Aim of the task
Would you copy only the lines below, beginning with the one that contains "Some of the text" and running through the last entry line?
═══ Data for analysis ═══
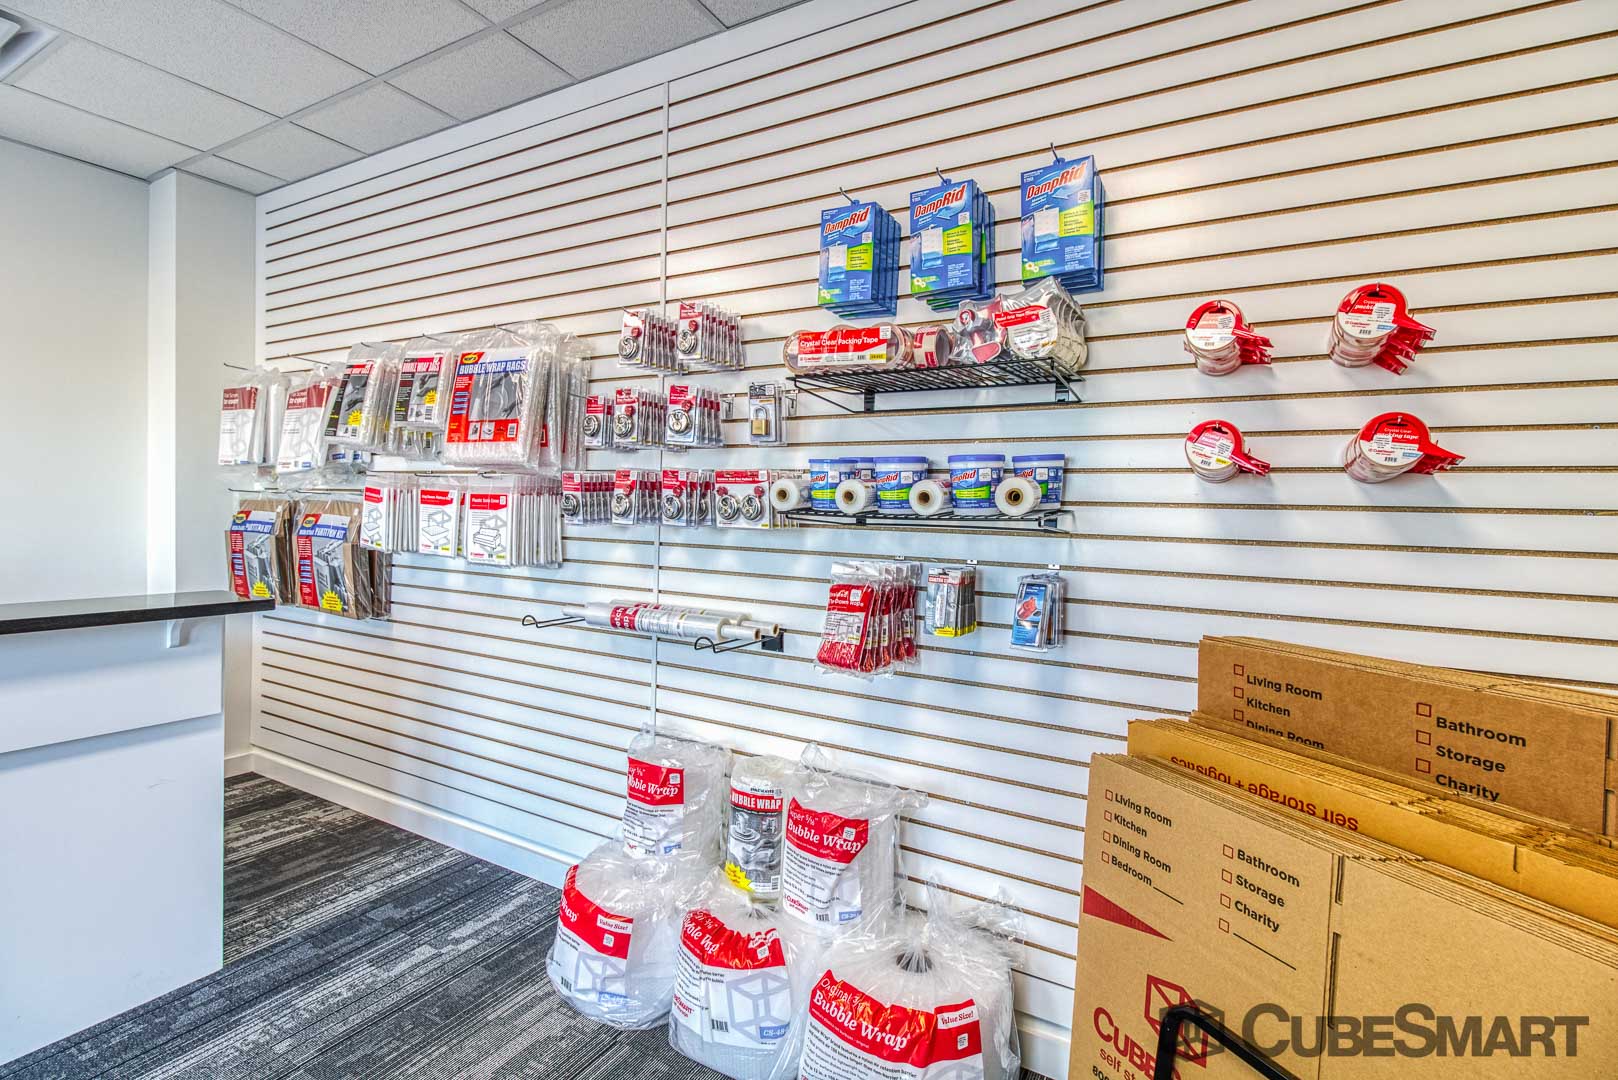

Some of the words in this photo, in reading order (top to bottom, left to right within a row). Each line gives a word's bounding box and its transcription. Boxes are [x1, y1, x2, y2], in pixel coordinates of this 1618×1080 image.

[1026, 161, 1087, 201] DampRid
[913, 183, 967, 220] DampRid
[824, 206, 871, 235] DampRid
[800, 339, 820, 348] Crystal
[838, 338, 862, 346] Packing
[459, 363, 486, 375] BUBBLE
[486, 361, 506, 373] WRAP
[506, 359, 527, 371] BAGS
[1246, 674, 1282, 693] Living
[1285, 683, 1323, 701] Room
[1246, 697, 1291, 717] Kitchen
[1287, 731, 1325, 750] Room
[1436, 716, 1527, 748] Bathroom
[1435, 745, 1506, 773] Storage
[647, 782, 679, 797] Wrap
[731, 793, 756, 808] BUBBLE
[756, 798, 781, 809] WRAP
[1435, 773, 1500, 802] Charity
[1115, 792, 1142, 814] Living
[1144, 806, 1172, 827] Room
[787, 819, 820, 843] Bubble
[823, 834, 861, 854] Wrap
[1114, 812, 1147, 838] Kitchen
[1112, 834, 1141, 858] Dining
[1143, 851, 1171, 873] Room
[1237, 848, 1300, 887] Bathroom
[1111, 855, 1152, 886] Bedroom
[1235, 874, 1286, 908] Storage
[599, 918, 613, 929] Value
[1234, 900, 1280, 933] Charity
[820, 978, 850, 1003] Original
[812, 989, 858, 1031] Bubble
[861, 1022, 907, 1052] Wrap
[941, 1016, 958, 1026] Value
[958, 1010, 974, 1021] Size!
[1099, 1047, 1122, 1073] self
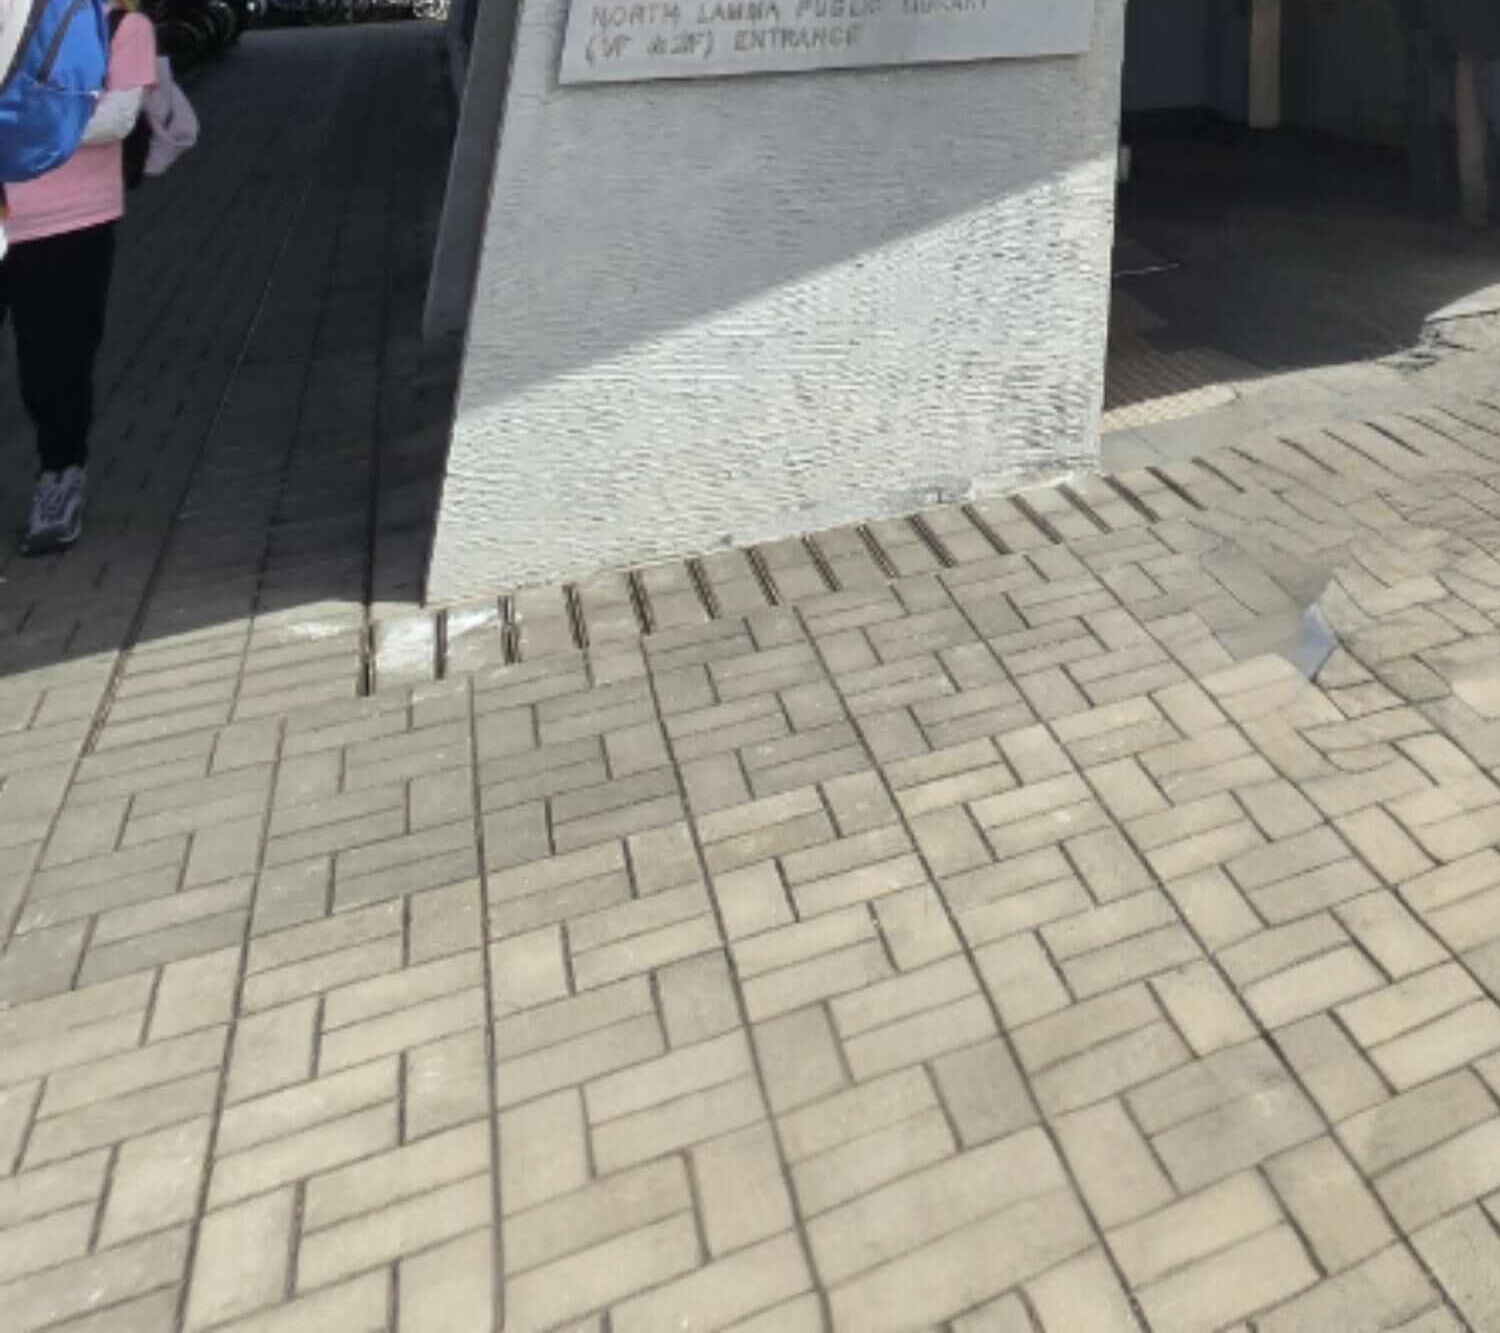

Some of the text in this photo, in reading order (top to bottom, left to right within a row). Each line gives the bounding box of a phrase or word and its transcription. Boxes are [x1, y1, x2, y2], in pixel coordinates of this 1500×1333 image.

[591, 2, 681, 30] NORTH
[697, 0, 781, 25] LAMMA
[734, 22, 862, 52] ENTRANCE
═══
Your response
Some of the text in this photo, in reading order (top to bottom, left to right within a row). Each line gives the bounding box of a phrase or word and its transcription. Boxes are [x1, y1, x2, y2], in pixel coordinates of this 1500×1333 image.

[591, 2, 681, 30] NORTH
[697, 0, 781, 25] LAMMA
[734, 22, 862, 52] ENTRANCE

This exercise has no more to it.